その頃、巴は、あるピアスに夢中になっていた。

「このピアスいいなあ。」

ピアスを見ている巴の姿は、トランペットを見ている小学生の姿を思わせた。そんな巴の姿を見た清隆が声をかける。

「巴さん、それほしいんですか。よかったら買いますよ。」

「本当に!清隆からのプレゼントかあ~

ふふふ~ん♪」

清隆は、巴にピアスを買ってプレゼントする。

それからもウィンドウショッピングを楽しみ、外も暗くなって星も出てきた頃、清隆と巴は、「イカロスの丘」に来ていた。そこで二人は、芝生で寝っころがり星を見ていた。

「綺麗ですね、星空。」

「うん、そうだね、気に入ってもらえれば嬉しいかな。ところで清隆、一ついいかな。」

巴は、深く深呼吸をする。

「私の気持ちを聞いて欲しいんだ。」

「はい。」

清隆の返答を聞いた後、巴は、話を続ける。

「清隆、私は、清隆が好きだ。だ、だから私と正式に付き合って欲しい。だめかな。」

二人の間にしばしの沈黙が訪れる。清隆は、告白された直後、失った元恋人 、美雪の姿が思い浮かんだ。

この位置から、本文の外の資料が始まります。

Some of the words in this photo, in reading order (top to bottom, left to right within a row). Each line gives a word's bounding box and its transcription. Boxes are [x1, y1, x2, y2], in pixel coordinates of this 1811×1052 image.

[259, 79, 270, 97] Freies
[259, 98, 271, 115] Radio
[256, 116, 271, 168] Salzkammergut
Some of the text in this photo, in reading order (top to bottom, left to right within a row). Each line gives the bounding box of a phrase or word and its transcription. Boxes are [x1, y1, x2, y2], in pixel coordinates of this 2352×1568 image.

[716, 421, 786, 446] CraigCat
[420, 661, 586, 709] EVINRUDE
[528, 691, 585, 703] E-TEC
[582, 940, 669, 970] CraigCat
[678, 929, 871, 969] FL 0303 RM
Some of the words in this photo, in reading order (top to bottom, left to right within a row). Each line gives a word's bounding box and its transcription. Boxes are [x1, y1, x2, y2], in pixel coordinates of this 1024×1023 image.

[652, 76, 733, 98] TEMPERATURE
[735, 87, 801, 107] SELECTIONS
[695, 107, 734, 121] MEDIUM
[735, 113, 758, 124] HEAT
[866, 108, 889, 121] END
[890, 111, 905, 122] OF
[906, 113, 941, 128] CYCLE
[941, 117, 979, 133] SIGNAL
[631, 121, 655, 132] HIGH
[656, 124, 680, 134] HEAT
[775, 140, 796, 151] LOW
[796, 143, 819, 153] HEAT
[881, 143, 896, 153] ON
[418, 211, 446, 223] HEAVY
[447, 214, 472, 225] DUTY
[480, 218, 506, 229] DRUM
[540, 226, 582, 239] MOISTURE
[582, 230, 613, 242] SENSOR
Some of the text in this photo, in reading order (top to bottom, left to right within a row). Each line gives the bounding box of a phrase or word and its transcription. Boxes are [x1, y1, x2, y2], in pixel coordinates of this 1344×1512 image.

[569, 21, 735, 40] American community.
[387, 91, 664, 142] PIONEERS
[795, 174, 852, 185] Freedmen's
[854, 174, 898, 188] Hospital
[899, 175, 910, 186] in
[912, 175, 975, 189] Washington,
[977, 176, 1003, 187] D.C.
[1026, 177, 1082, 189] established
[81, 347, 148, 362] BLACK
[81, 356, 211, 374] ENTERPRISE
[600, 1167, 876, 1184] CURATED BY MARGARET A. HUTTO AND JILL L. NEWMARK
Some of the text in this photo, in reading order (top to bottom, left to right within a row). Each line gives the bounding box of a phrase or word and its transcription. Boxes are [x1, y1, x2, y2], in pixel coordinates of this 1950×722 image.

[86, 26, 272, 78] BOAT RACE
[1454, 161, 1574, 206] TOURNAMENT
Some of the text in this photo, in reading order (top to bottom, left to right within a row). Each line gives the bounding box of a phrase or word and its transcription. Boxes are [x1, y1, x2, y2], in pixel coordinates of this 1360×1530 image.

~僕もまだ美雪のことを引きずっているんだな。魔闘会で優勝して、僕の願いが叶えるまでは・・~

「巴さん僕は、自分だけが幸せになることはできないと思ってます。だから、巴さんの気持ちには答えられない。巴さんだけじゃない誰とも。魔闘会で優勝して、僕自身の罪を償うまでは、僕に誰かと付き合うことは許されないんだ。」

清隆は、自分だけ気持ちを告げる。巴はそれを聞き、少々残念そうな顔をしたが、事情を知っているためそれを受け入れる。

「そうか、なら、清隆の罪を償うことができるように私も清隆を魔闘会優勝に導いて見せる。」

2人は握手をする。こうして、二人の長い長い一日は終わった。